What you are asked to do →
Return all of the entries below, word for word. Omit each picture.

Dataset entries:

------------

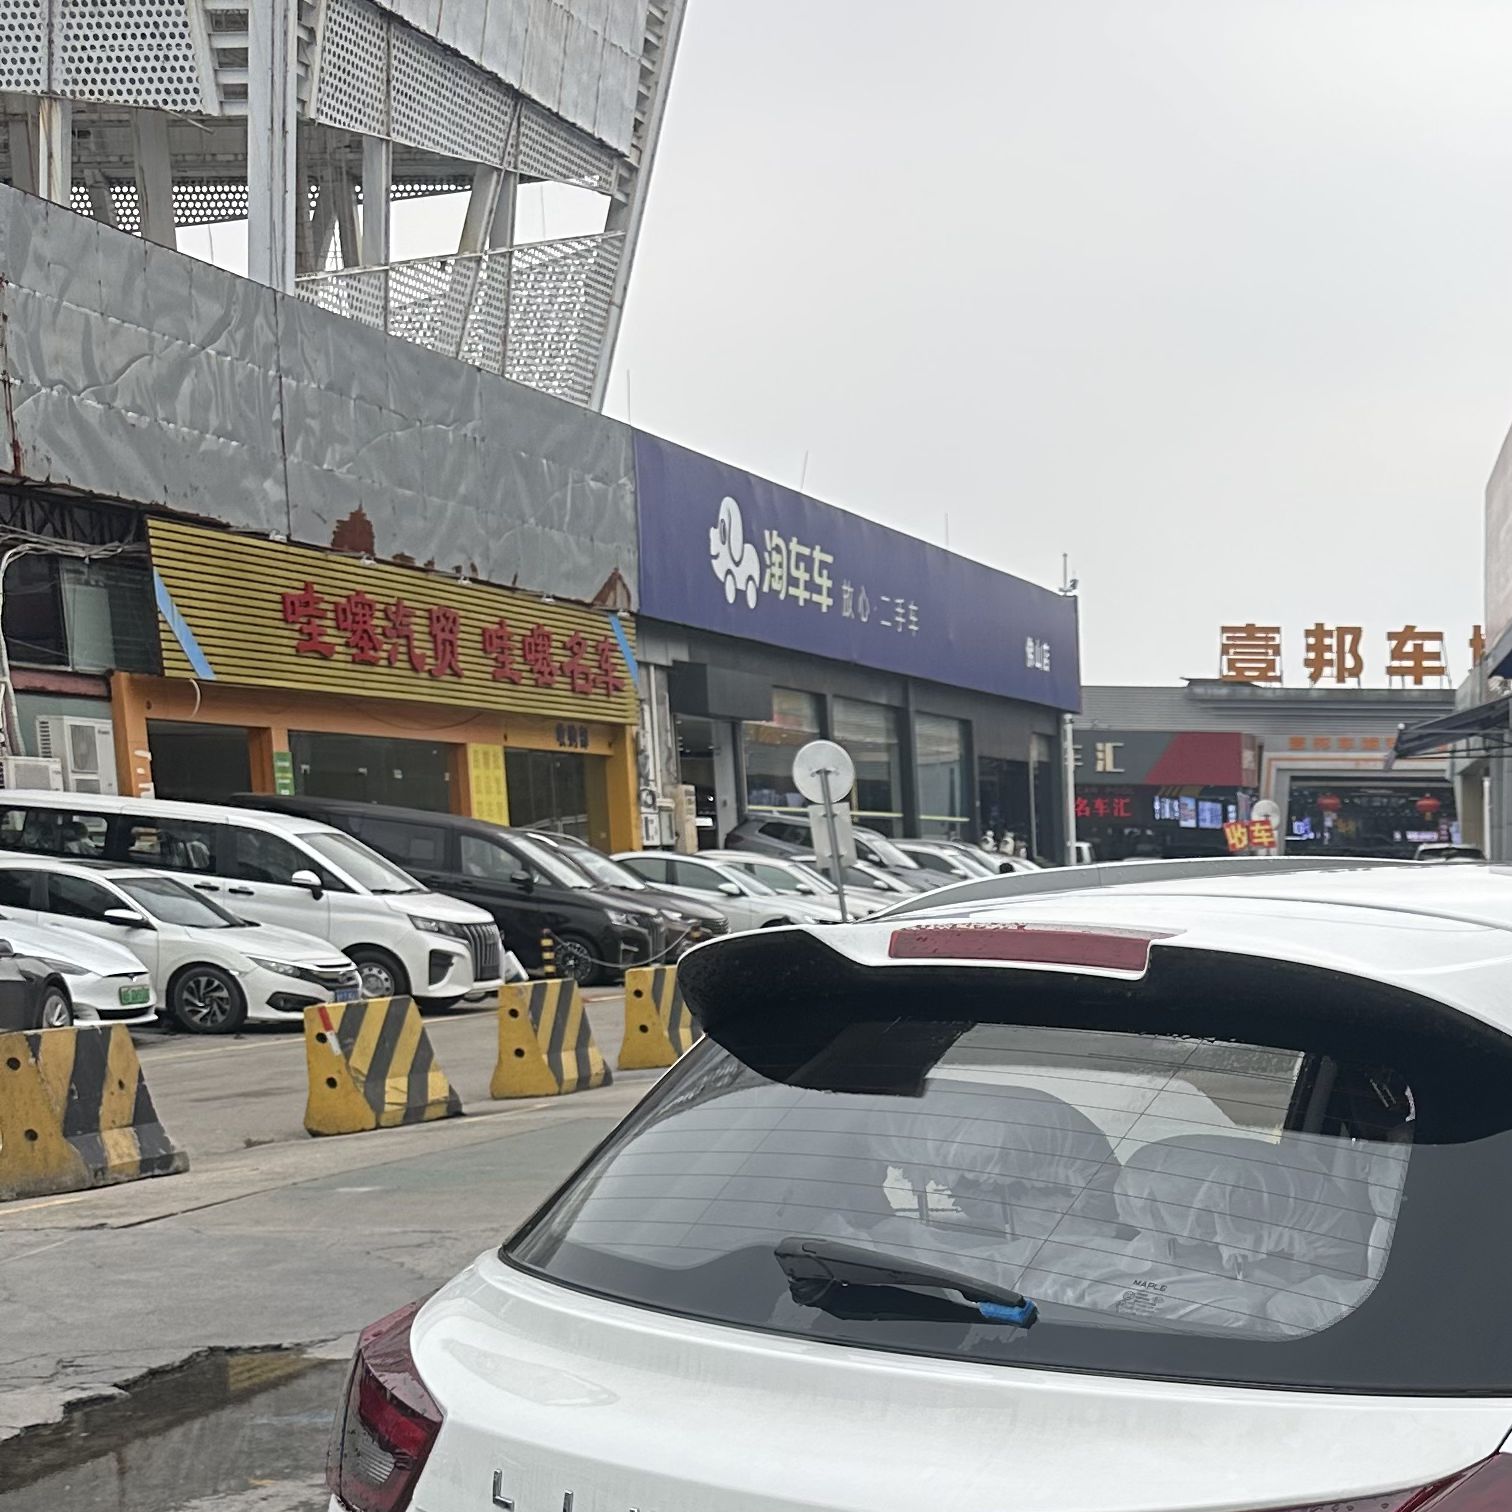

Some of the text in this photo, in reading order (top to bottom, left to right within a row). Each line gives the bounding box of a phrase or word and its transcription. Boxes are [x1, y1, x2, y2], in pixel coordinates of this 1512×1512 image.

[762, 528, 834, 613] 淘车车
[281, 580, 626, 698] 哇噻汽贸 哇噻名车
[1225, 821, 1277, 849] 收车
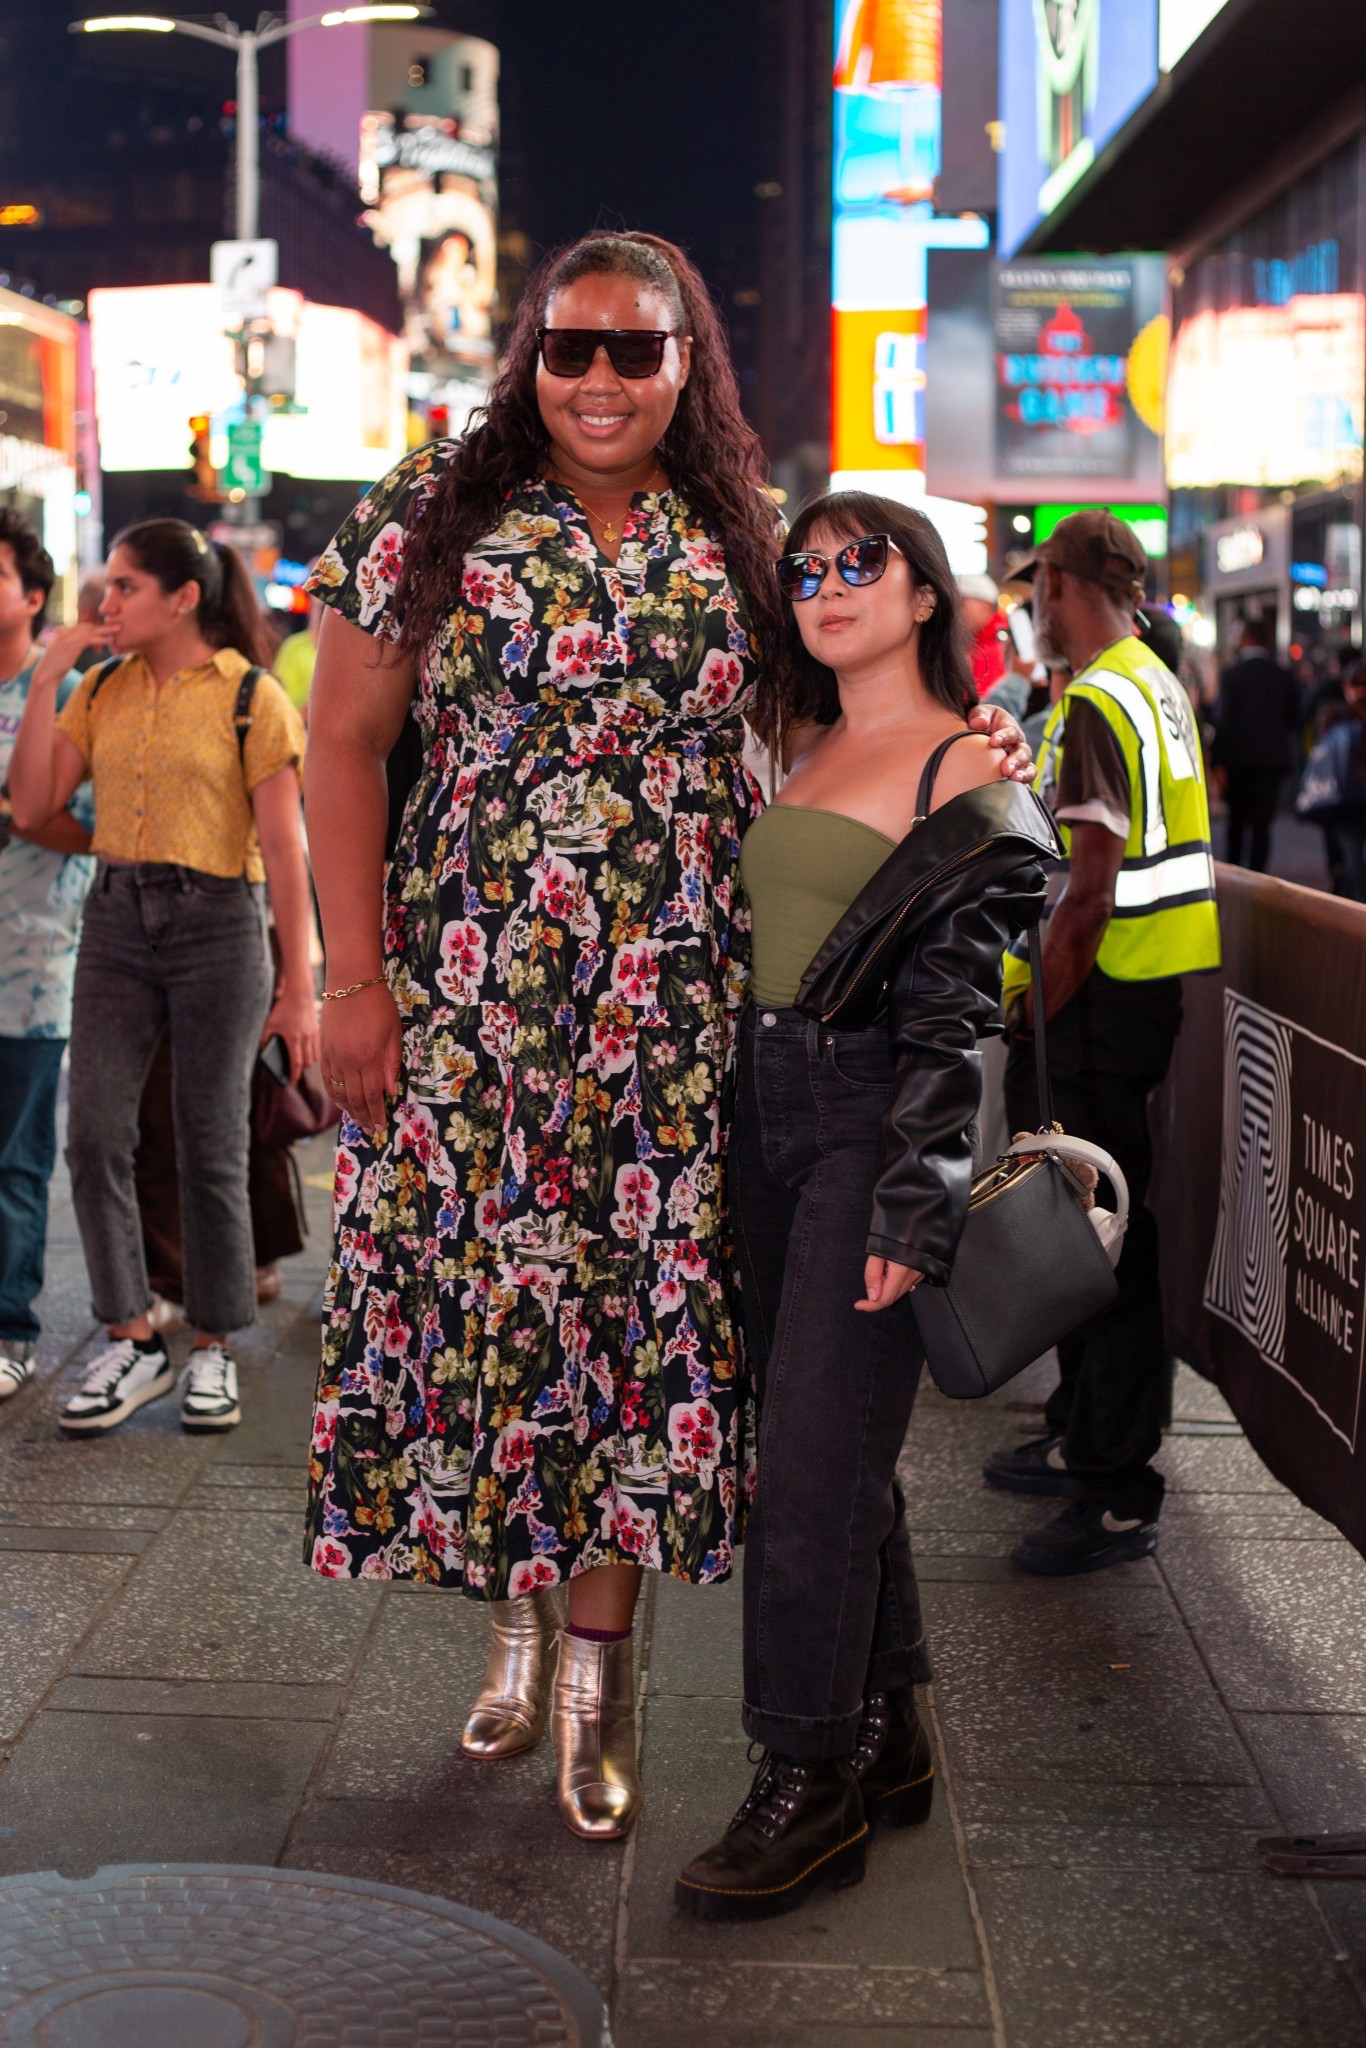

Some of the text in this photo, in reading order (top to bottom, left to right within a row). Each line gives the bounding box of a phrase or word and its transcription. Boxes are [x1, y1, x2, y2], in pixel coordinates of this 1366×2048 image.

[1303, 1113, 1354, 1200] TIMES
[1294, 1186, 1360, 1289] SQUARE
[1295, 1268, 1354, 1354] ALLIANCE

------------

The completed task →
Some of the text in this photo, in reading order (top to bottom, left to right within a row). Each line gives the bounding box of a phrase or word and its transcription. Boxes are [x1, y1, x2, y2], in pixel coordinates of this 1512×1512 image.

[762, 528, 834, 613] 淘车车
[281, 580, 626, 698] 哇噻汽贸 哇噻名车
[1225, 821, 1277, 849] 收车

Some of the text in this photo, in reading order (top to bottom, left to right within a row). Each line gives the bounding box of a phrase or word and its transcription. Boxes are [x1, y1, x2, y2], in pixel coordinates of this 1366×2048 image.

[1303, 1113, 1354, 1200] TIMES
[1294, 1186, 1360, 1289] SQUARE
[1295, 1268, 1354, 1354] ALLIANCE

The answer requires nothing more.